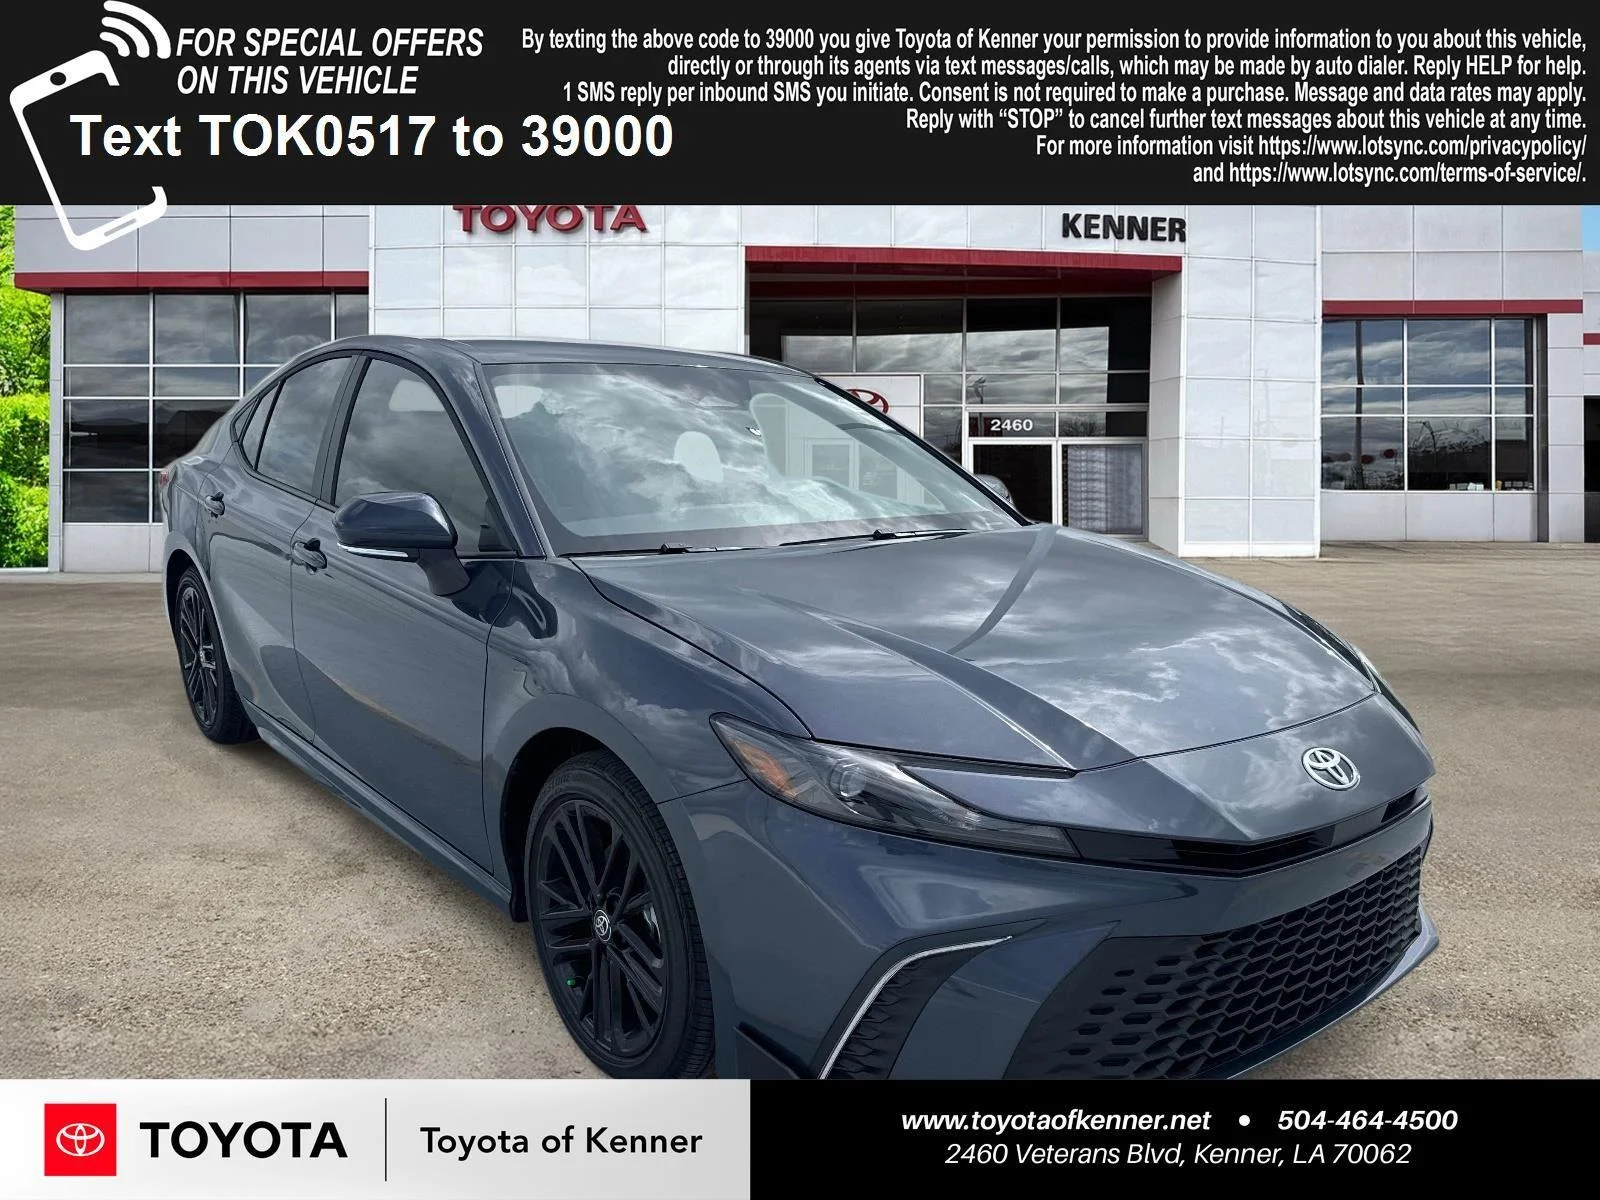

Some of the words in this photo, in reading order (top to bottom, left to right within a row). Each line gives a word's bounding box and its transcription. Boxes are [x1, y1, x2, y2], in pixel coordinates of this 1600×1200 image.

[453, 205, 647, 232] TOYOTA
[1062, 213, 1186, 242] KENNER
[990, 419, 1033, 431] 2460
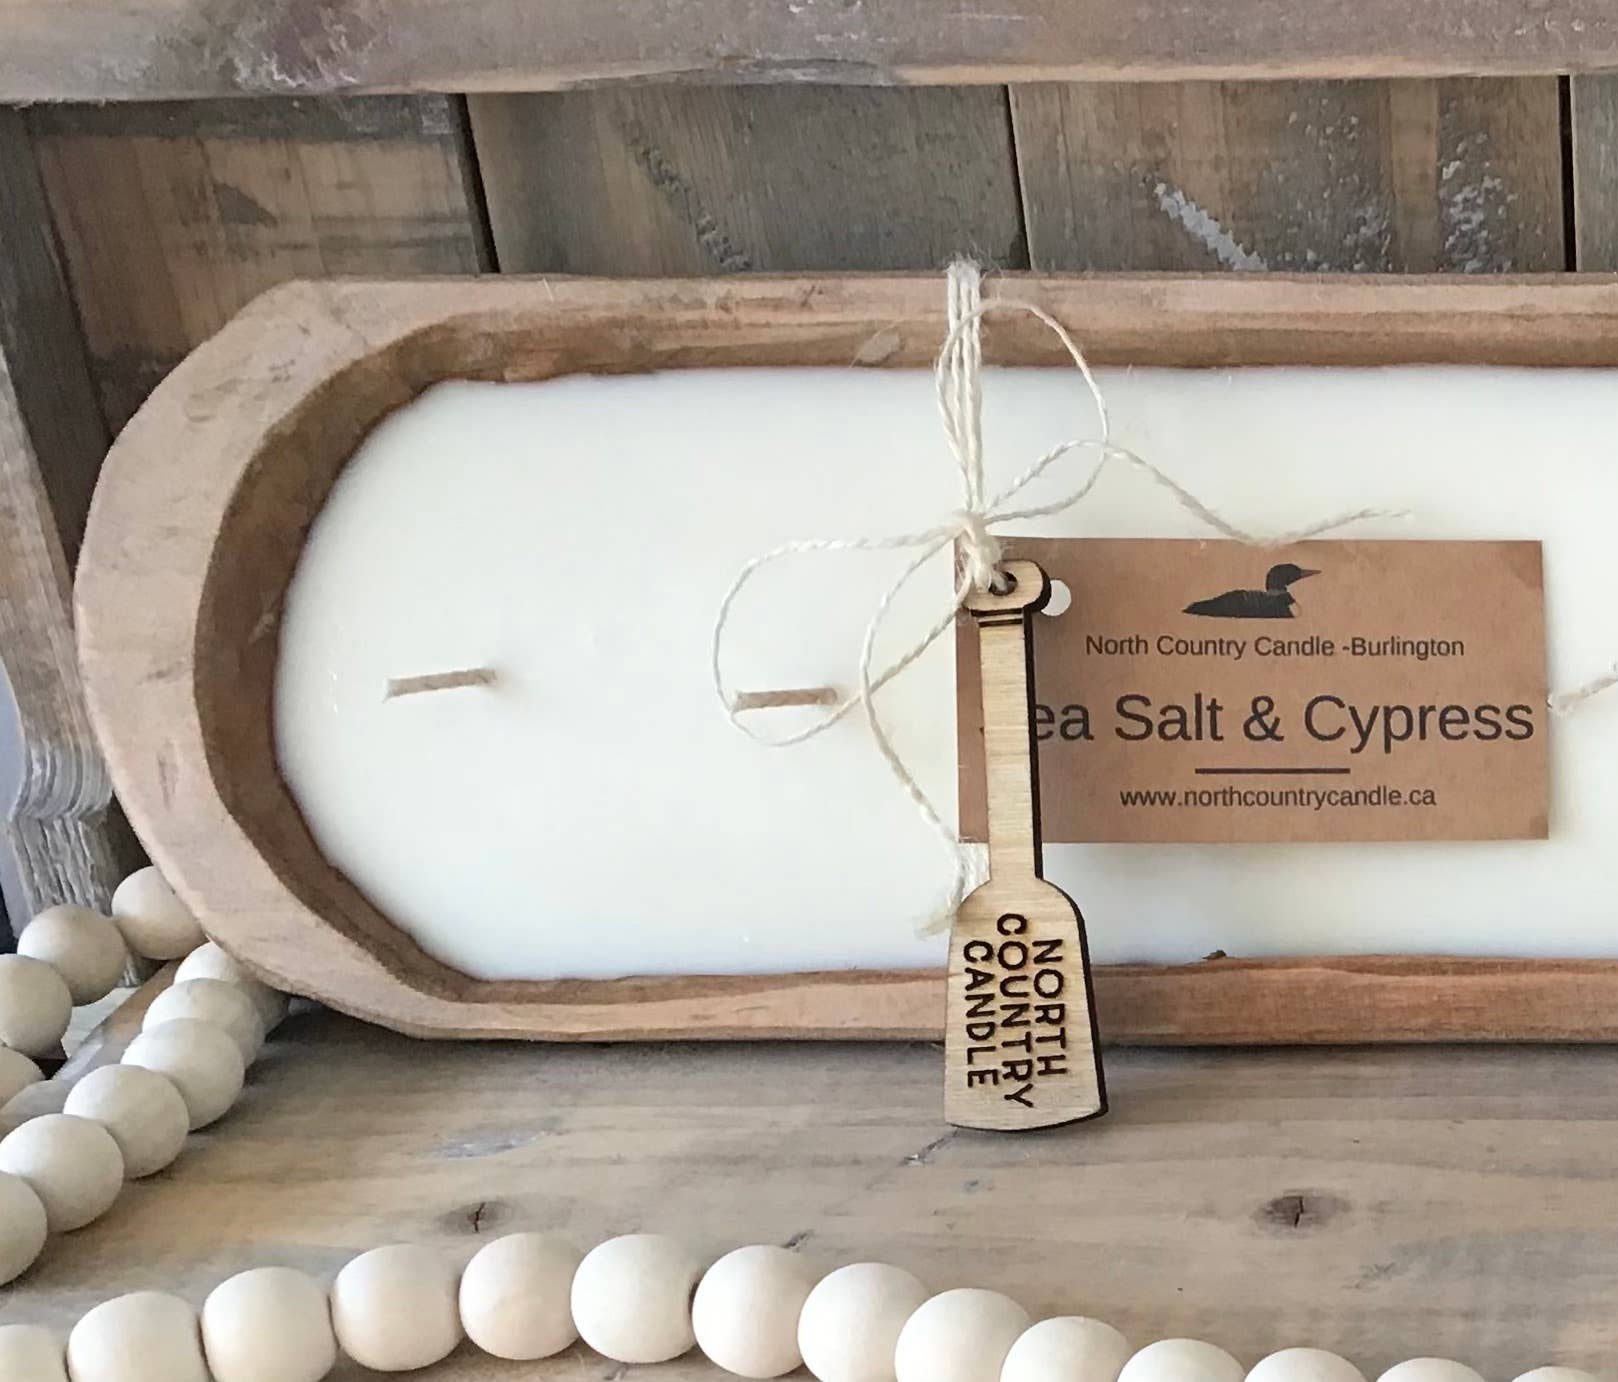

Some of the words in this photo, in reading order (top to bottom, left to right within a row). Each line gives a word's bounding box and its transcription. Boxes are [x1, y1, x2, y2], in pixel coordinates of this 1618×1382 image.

▶ Assignment
Word-for-word output of the material above is needed, with the pictures left out.

▶ Output of the exercise
Some of the words in this photo, in reading order (top to bottom, left to right within a row). Each line gives a word's bounding box and its transcription. Boxes are [x1, y1, x2, y2], in pixel coordinates of this 1600×1200 image.

[453, 205, 647, 232] TOYOTA
[1062, 213, 1186, 242] KENNER
[990, 419, 1033, 431] 2460

Some of the words in this photo, in reading order (top to bottom, left to right within a row). Each line gives a word's bounding box and its transcription. Boxes are [x1, y1, x2, y2], in pixel coordinates of this 1618×1382 image.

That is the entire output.